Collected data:
Start of Block
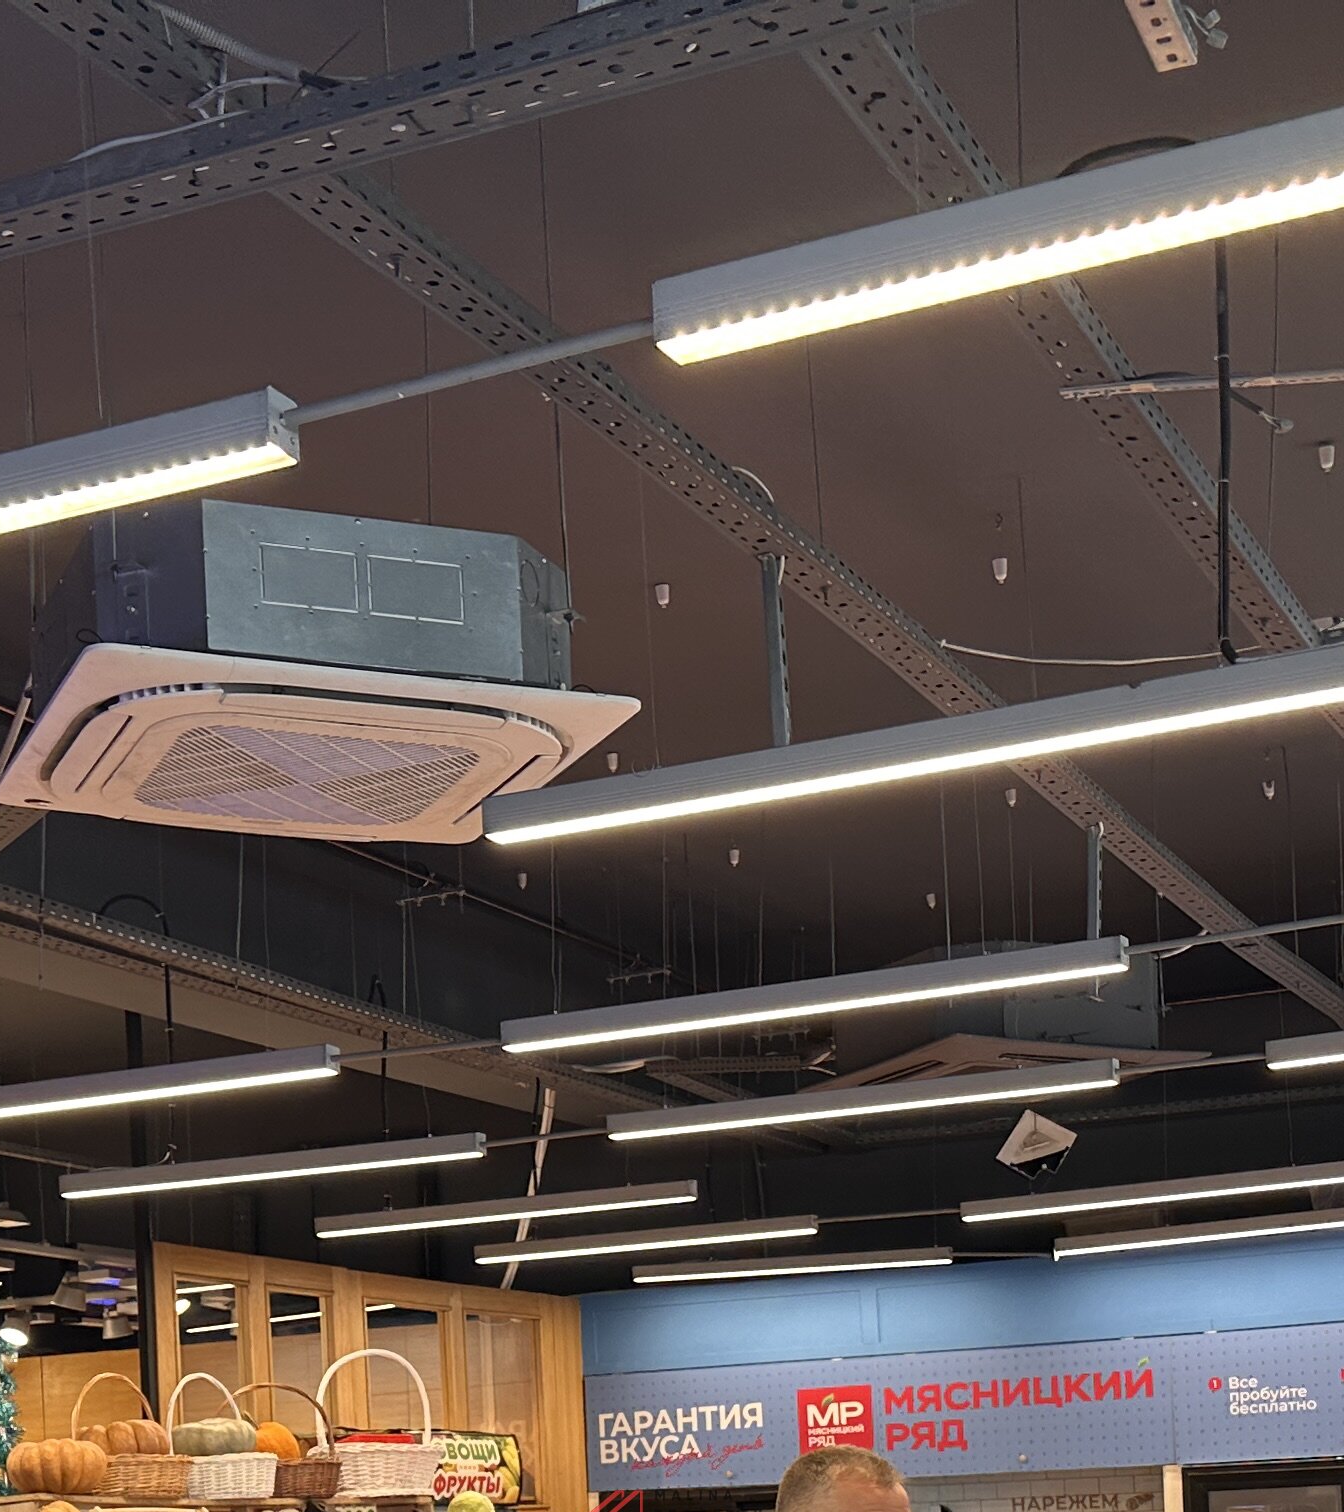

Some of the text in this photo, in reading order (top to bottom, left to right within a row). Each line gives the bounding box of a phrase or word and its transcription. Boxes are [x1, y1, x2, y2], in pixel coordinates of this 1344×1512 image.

[883, 1368, 1154, 1415] МЯСНИЦКИЙ
[1228, 1377, 1258, 1390] Все
[1229, 1385, 1308, 1403] пробуйте
[1229, 1398, 1318, 1416] бесплатно
[598, 1402, 764, 1438] ГАРАНТИЯ
[808, 1425, 865, 1436] МЯСНИЦКИЙ
[885, 1418, 968, 1452] РЯД
[600, 1433, 703, 1465] ВКУСА
[808, 1436, 836, 1448] РЯД
[434, 1473, 502, 1498] ФРУКТЫ
[1011, 1494, 1119, 1512] НАРЕЖЕМ
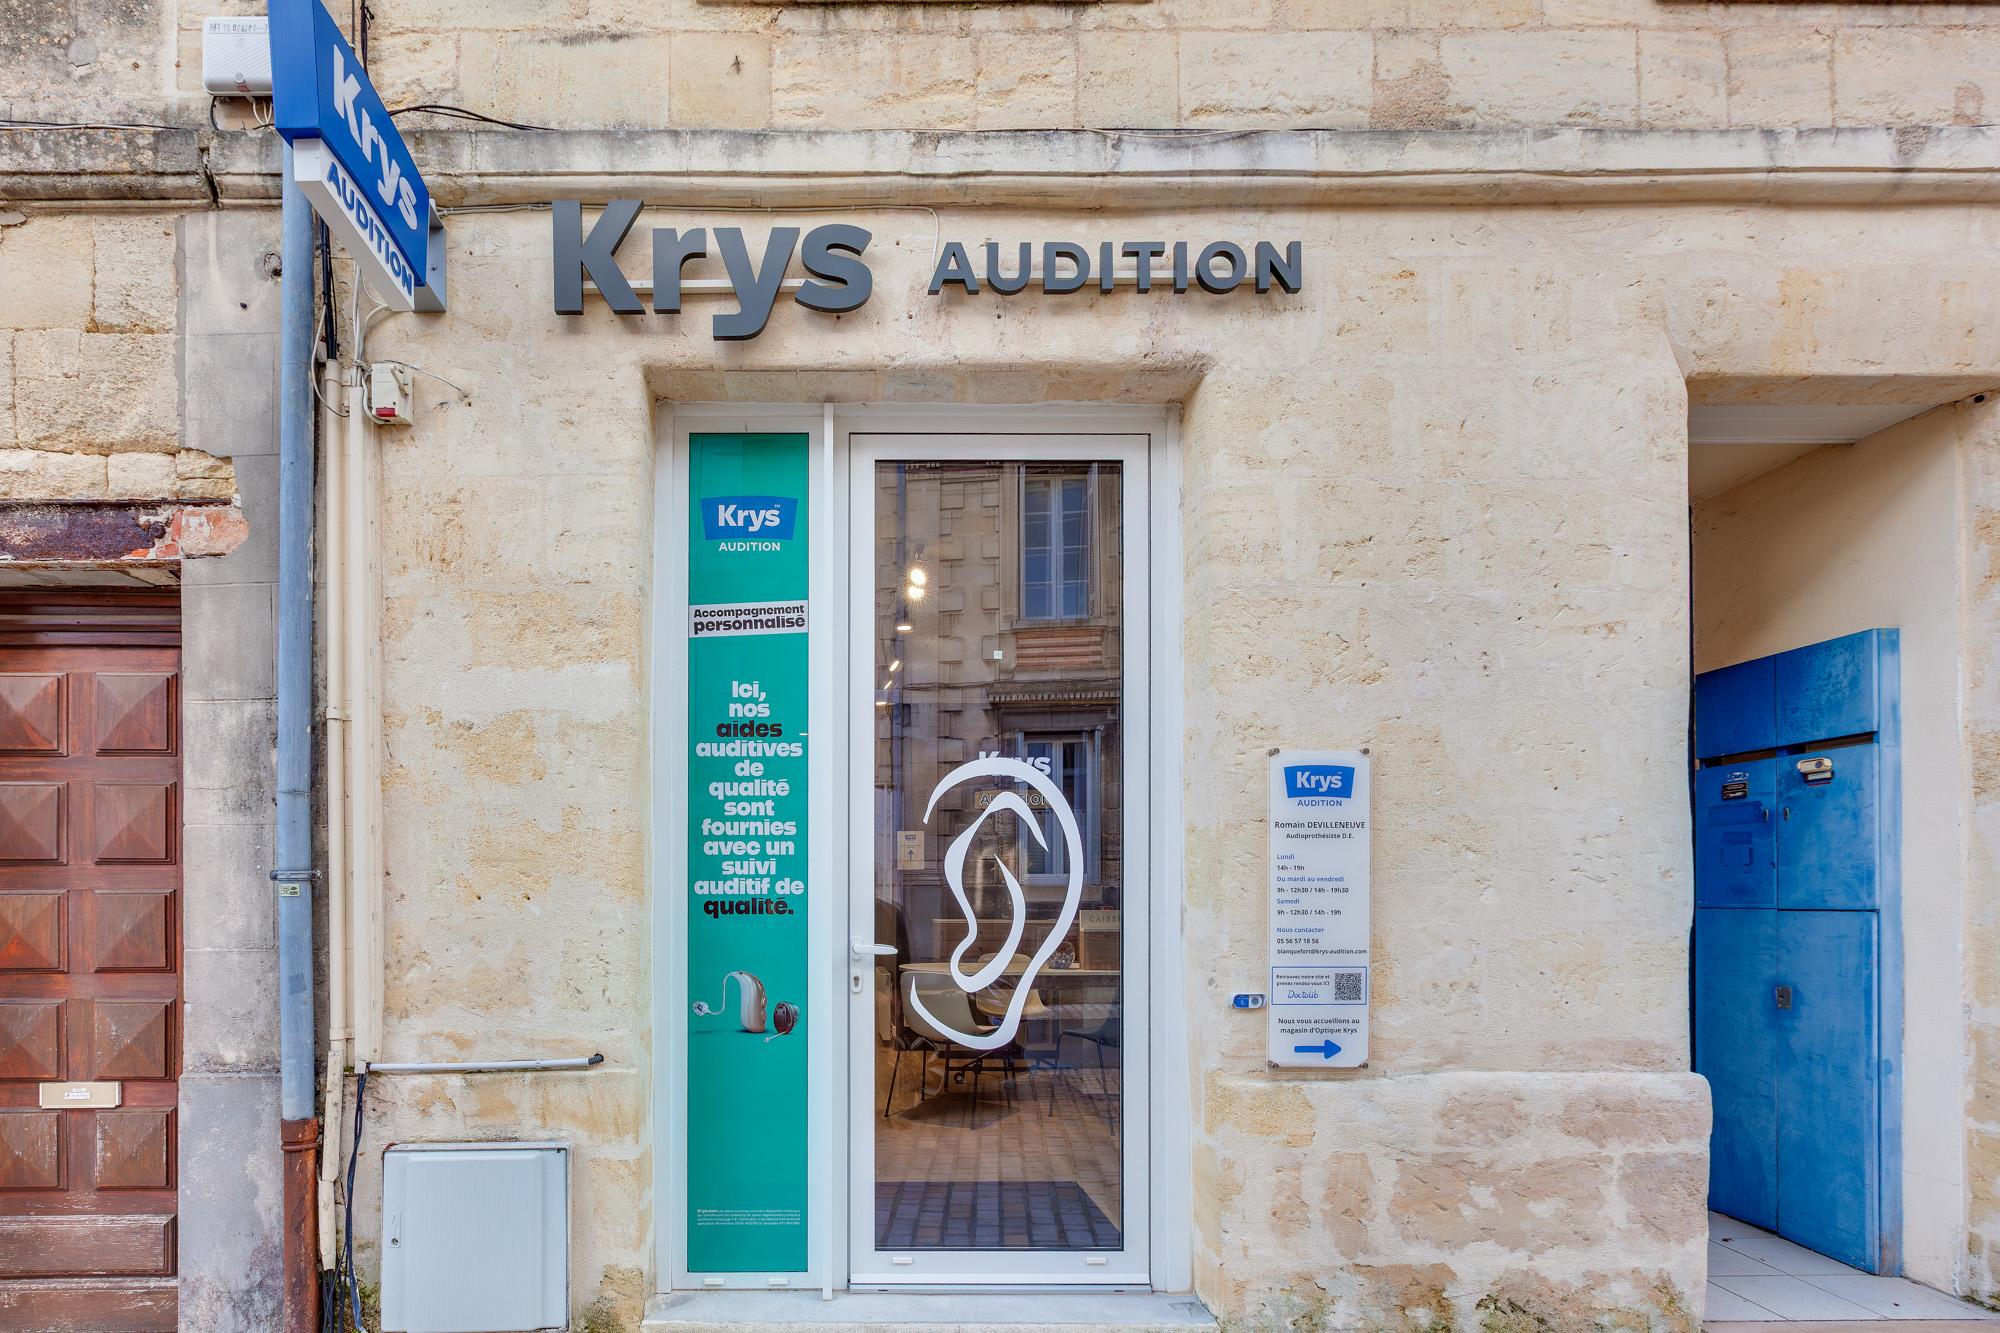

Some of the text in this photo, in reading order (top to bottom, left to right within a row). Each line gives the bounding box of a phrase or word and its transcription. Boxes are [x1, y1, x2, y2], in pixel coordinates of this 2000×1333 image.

[333, 44, 417, 230] Krys
[326, 161, 413, 296] AUDITION
[552, 199, 1302, 341] Krys AUDITION
[718, 542, 781, 552] AUDITION
[693, 604, 805, 619] Accompagnement
[693, 614, 806, 635] personnalisé
[732, 680, 767, 702] Ici,
[729, 702, 771, 718] nos
[716, 719, 783, 738] aides
[695, 739, 803, 757] auditives
[734, 759, 764, 777] de
[708, 778, 790, 800] qualité
[723, 799, 775, 816] sont
[1297, 799, 1343, 807] AUDITION
[701, 818, 797, 836] fournies
[1274, 821, 1366, 829] Romain DEVILLENEUVE
[1285, 832, 1341, 840] Audioprothésiste
[703, 840, 795, 856] avec un
[721, 858, 776, 875] suivi
[693, 877, 805, 895] auditif de
[703, 896, 794, 919] qualité.
[1287, 989, 1319, 999] Doctolib
[1280, 1027, 1358, 1035] magasin d'Optique Krys
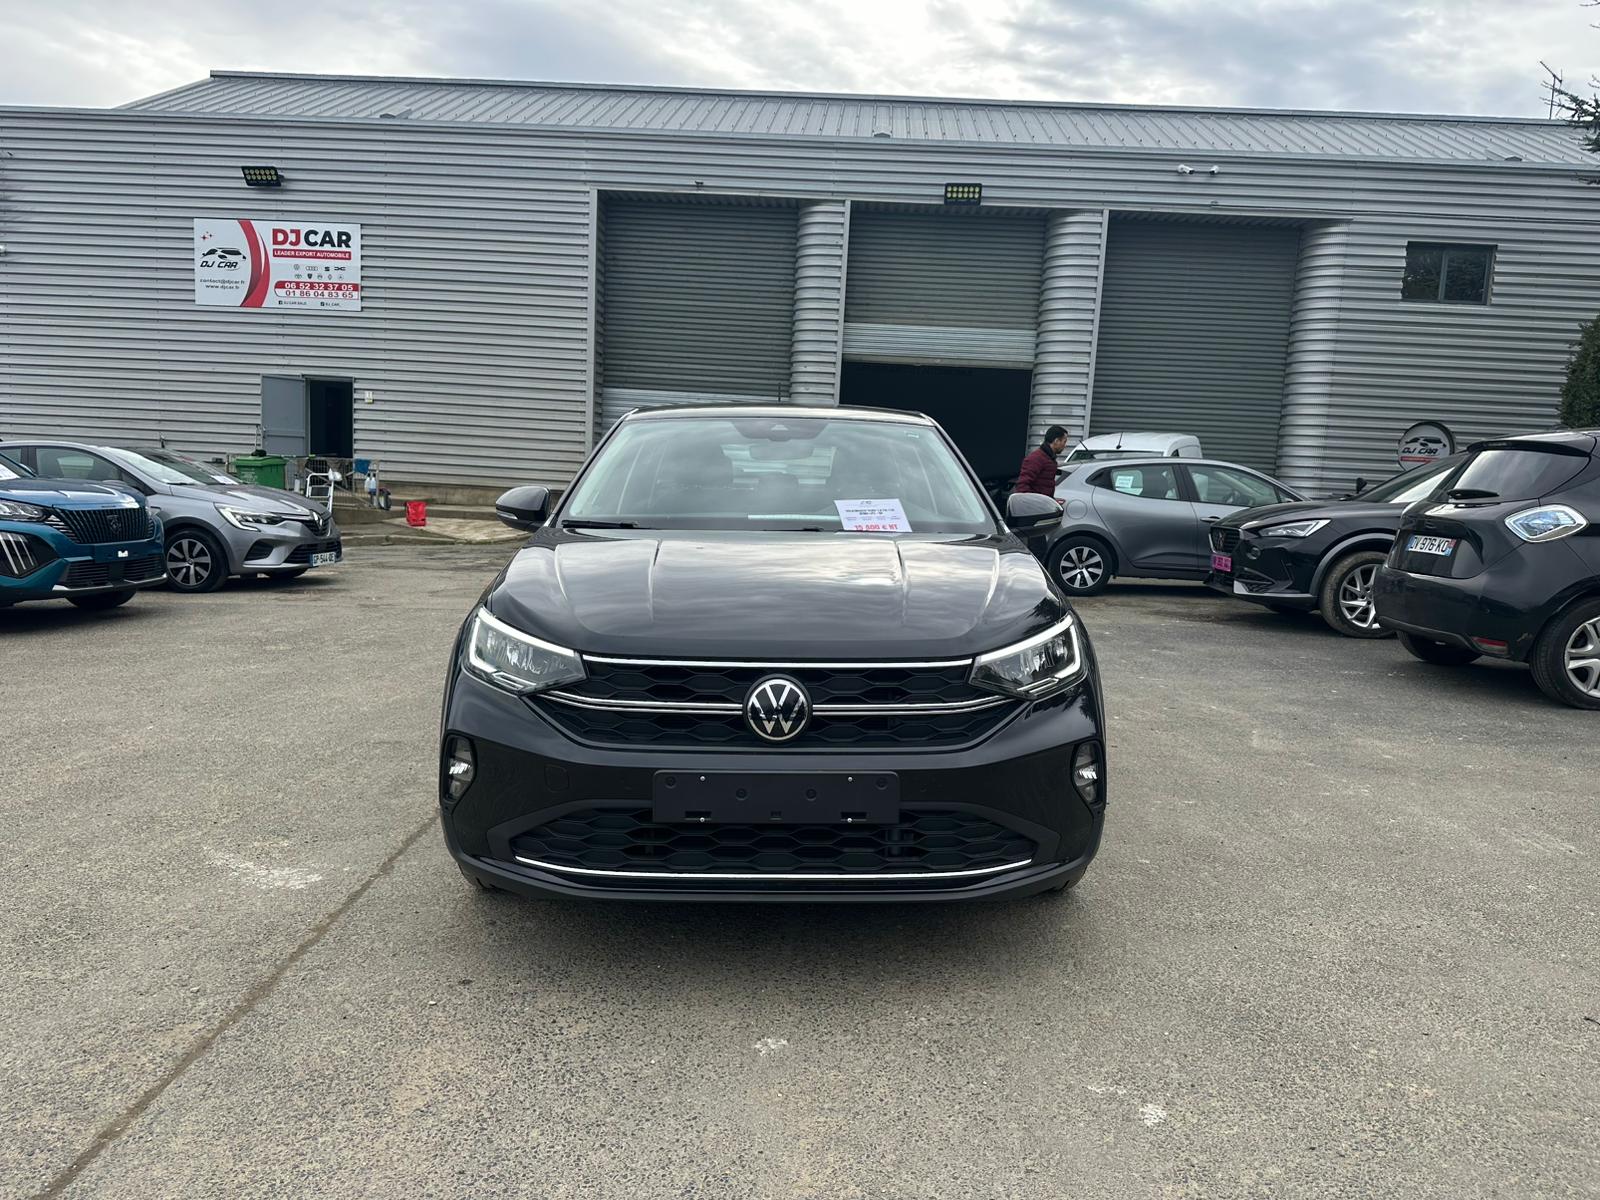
End of Block
WHAT NEEDS TO BE DONE:
For this exercise, output the records exactly but omit their pictures.

RESULT:
Some of the text in this photo, in reading order (top to bottom, left to right within a row). Each line gives the bounding box of a phrase or word and its transcription. Boxes are [x1, y1, x2, y2], in pixel coordinates of this 1344×1512 image.

[883, 1368, 1154, 1415] МЯСНИЦКИЙ
[1228, 1377, 1258, 1390] Все
[1229, 1385, 1308, 1403] пробуйте
[1229, 1398, 1318, 1416] бесплатно
[598, 1402, 764, 1438] ГАРАНТИЯ
[808, 1425, 865, 1436] МЯСНИЦКИЙ
[885, 1418, 968, 1452] РЯД
[600, 1433, 703, 1465] ВКУСА
[808, 1436, 836, 1448] РЯД
[434, 1473, 502, 1498] ФРУКТЫ
[1011, 1494, 1119, 1512] НАРЕЖЕМ

Some of the text in this photo, in reading order (top to bottom, left to right within a row). Each line gives the bounding box of a phrase or word and its transcription. Boxes are [x1, y1, x2, y2], in pixel coordinates of this 2000×1333 image.

[333, 44, 417, 230] Krys
[326, 161, 413, 296] AUDITION
[552, 199, 1302, 341] Krys AUDITION
[718, 542, 781, 552] AUDITION
[693, 604, 805, 619] Accompagnement
[693, 614, 806, 635] personnalisé
[732, 680, 767, 702] Ici,
[729, 702, 771, 718] nos
[716, 719, 783, 738] aides
[695, 739, 803, 757] auditives
[734, 759, 764, 777] de
[708, 778, 790, 800] qualité
[723, 799, 775, 816] sont
[1297, 799, 1343, 807] AUDITION
[701, 818, 797, 836] fournies
[1274, 821, 1366, 829] Romain DEVILLENEUVE
[1285, 832, 1341, 840] Audioprothésiste
[703, 840, 795, 856] avec un
[721, 858, 776, 875] suivi
[693, 877, 805, 895] auditif de
[703, 896, 794, 919] qualité.
[1287, 989, 1319, 999] Doctolib
[1280, 1027, 1358, 1035] magasin d'Optique Krys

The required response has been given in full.